Edoardo Vitale (29 November 1872 – 12 December 1937) was an Italian orchestral conductor. He was director of La Scala in substitution of Toscanini from 1908 to 1910, though he conducted most of his career at the Teatro Costanzi, now Teatro dell'Opera di Roma. His orchestration and conducting has been described as passionate.

==Biography==
Vitale was born in Naples, Italy, in 1872. As a boy he went to Rome, and by the time he was 14 he was already directing some operettas at the Teatro Metastasio, garnering acclaim for his conducting.
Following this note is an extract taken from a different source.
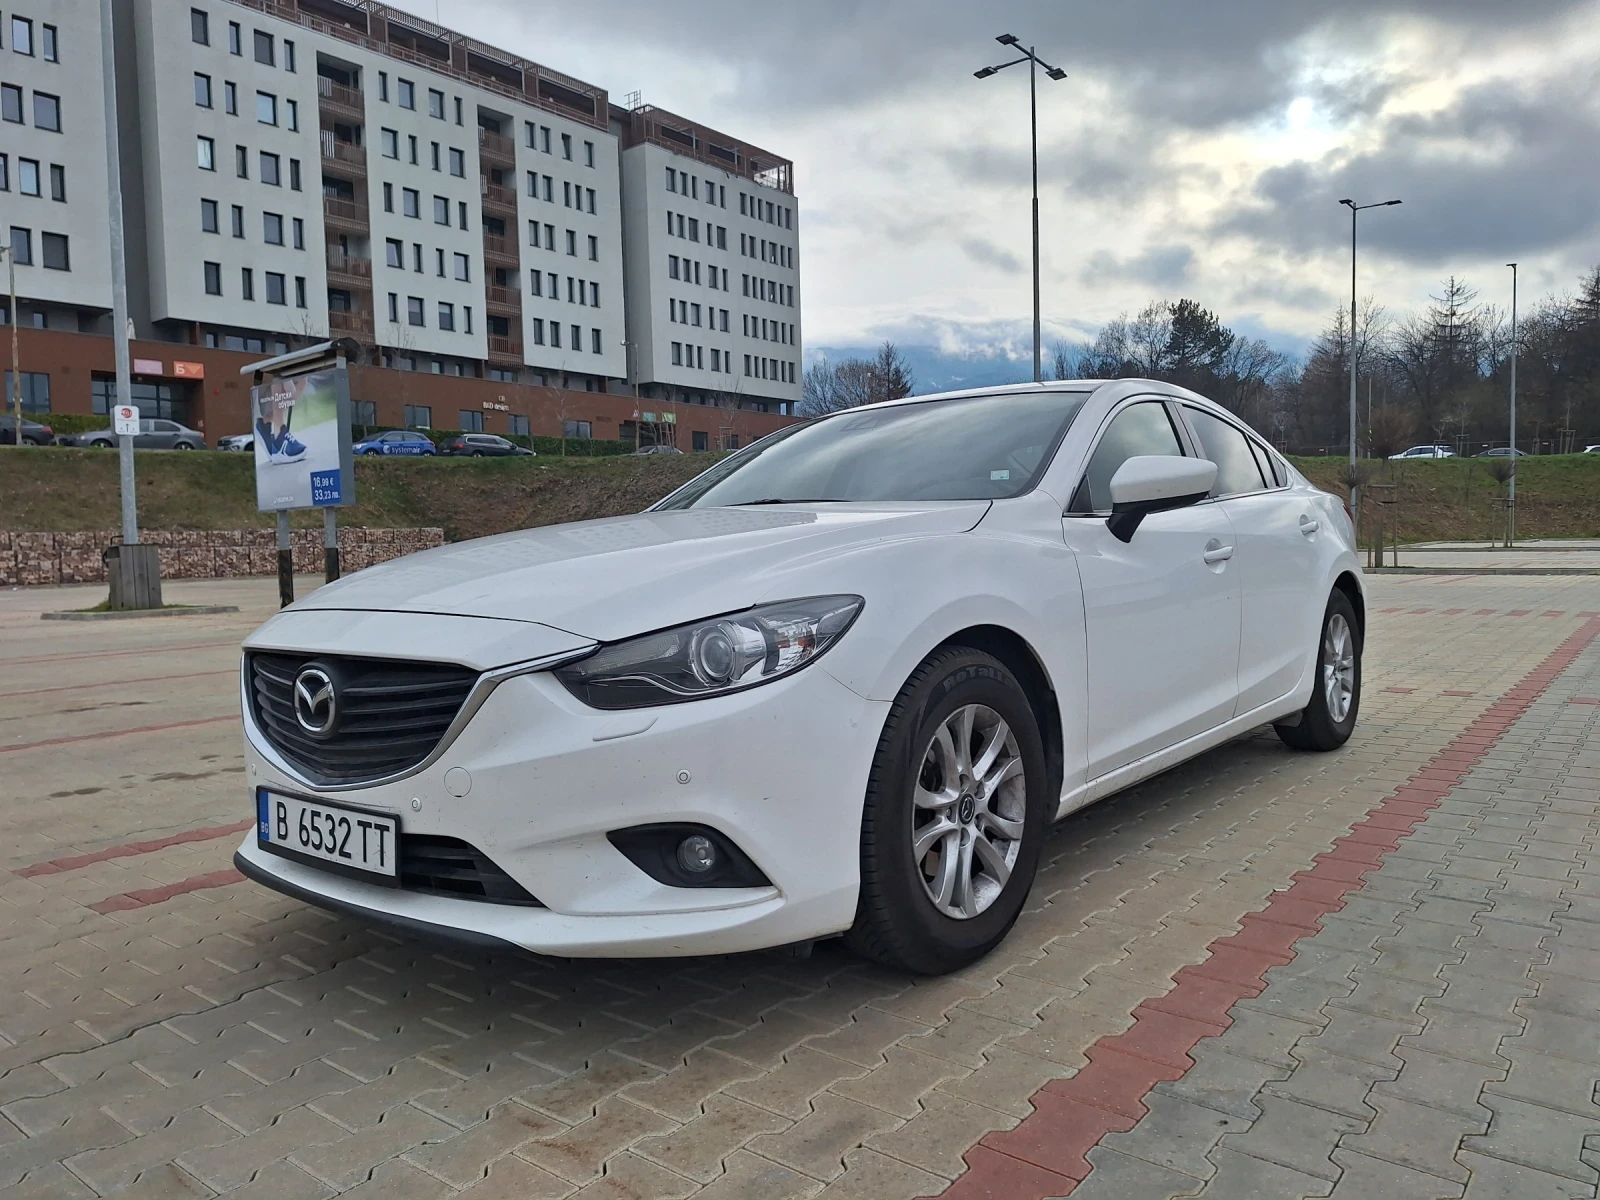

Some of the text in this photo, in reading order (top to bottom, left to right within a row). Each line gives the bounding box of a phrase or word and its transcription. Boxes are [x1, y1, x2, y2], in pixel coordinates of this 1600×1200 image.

[391, 446, 421, 454] systemair
[276, 801, 288, 840] B
[261, 821, 269, 834] BG
He studied at the Conservatorio Santa Cecilia in Rome. Starting from 1893, he was a professor at the Santa Cecilia.

From 1908 to 1910 he was a substitute of Toscanini at La Scala. He was the first to direct Richard Strauss' Elektra in Italy, which he directed at La Scala in 1909. He directed Cherubini's Médée in 1909, also at La Scala.

He conducted mostly at the Teatro Costanzi. He also conducted in foreign countries.

He was conductor of the orchestra of the lyrica company of Walter Moachi's company, which performed in Buenos Aires and Rio de Janeiro in 1925.

His son was Riccardo Vitale, who became Director of Rome Opera House from the 1940s to early 1970s.